The data >>

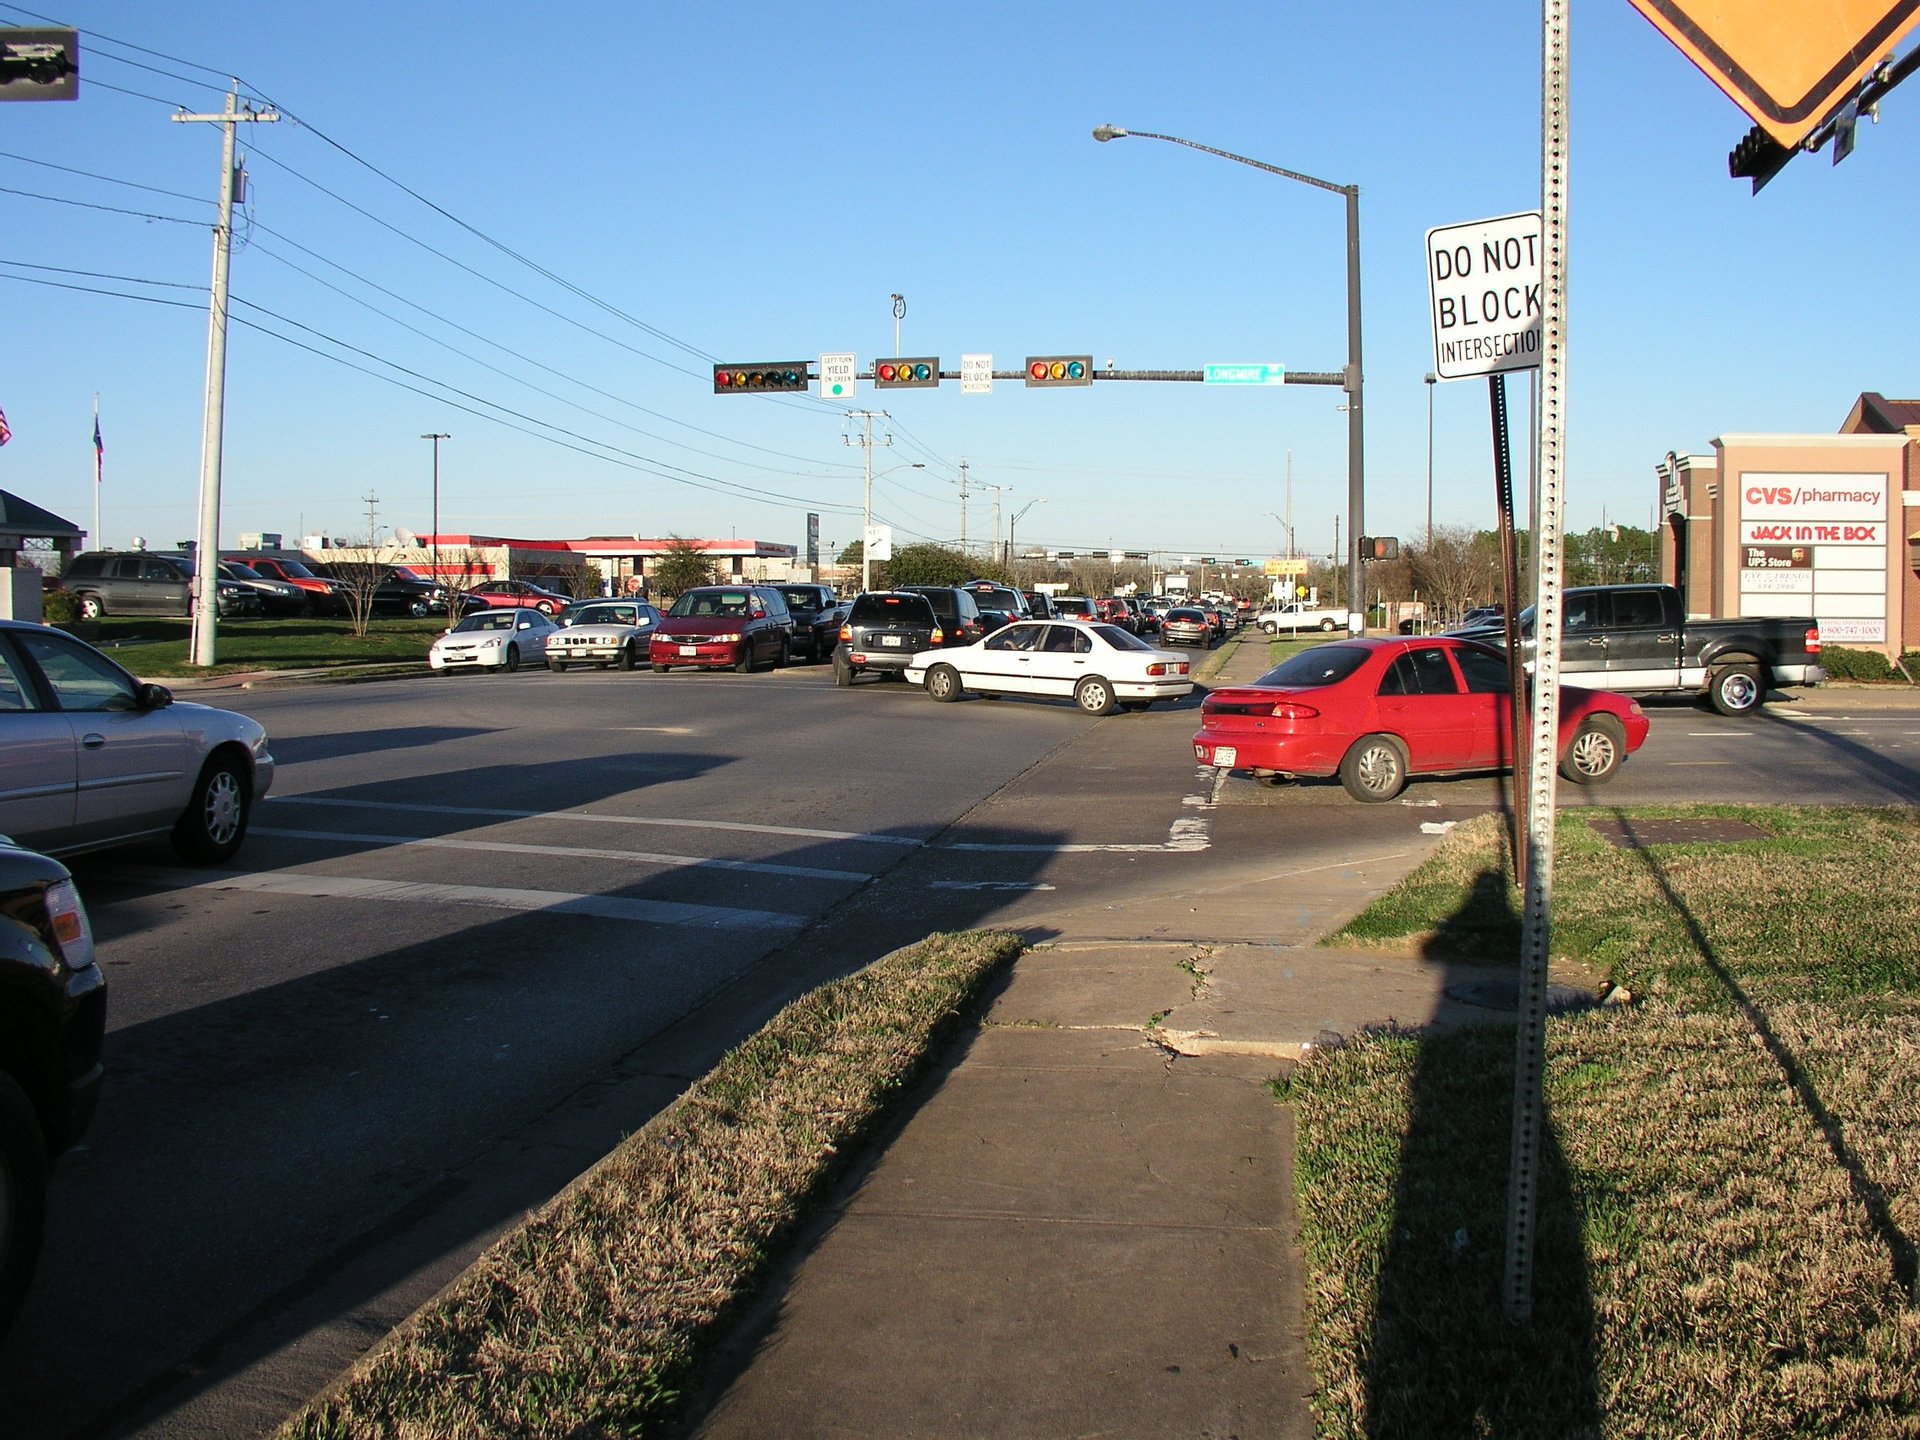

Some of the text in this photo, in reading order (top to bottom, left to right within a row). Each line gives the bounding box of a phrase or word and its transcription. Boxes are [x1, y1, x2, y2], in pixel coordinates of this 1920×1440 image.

[1435, 234, 1538, 281] DO NOT
[1439, 283, 1541, 329] BLOCK
[1441, 329, 1541, 364] INTERSECTIO
[828, 365, 849, 374] YIELD
[963, 360, 989, 370] DO NOT
[963, 372, 990, 381] BLOCK
[1751, 526, 1792, 541] JACK
[1815, 526, 1840, 540] THE
[1844, 526, 1876, 541] BOX
[1748, 548, 1765, 557] The
[1748, 557, 1792, 567] UPS Store

Assignment >> Write out the entries again word for word. Do not include the pictures.

Response below >>
Some of the text in this photo, in reading order (top to bottom, left to right within a row). Each line gives the bounding box of a phrase or word and its transcription. Boxes are [x1, y1, x2, y2], in pixel coordinates of this 1920×1440 image.

[1435, 234, 1538, 281] DO NOT
[1439, 283, 1541, 329] BLOCK
[1441, 329, 1541, 364] INTERSECTIO
[828, 365, 849, 374] YIELD
[963, 360, 989, 370] DO NOT
[963, 372, 990, 381] BLOCK
[1751, 526, 1792, 541] JACK
[1815, 526, 1840, 540] THE
[1844, 526, 1876, 541] BOX
[1748, 548, 1765, 557] The
[1748, 557, 1792, 567] UPS Store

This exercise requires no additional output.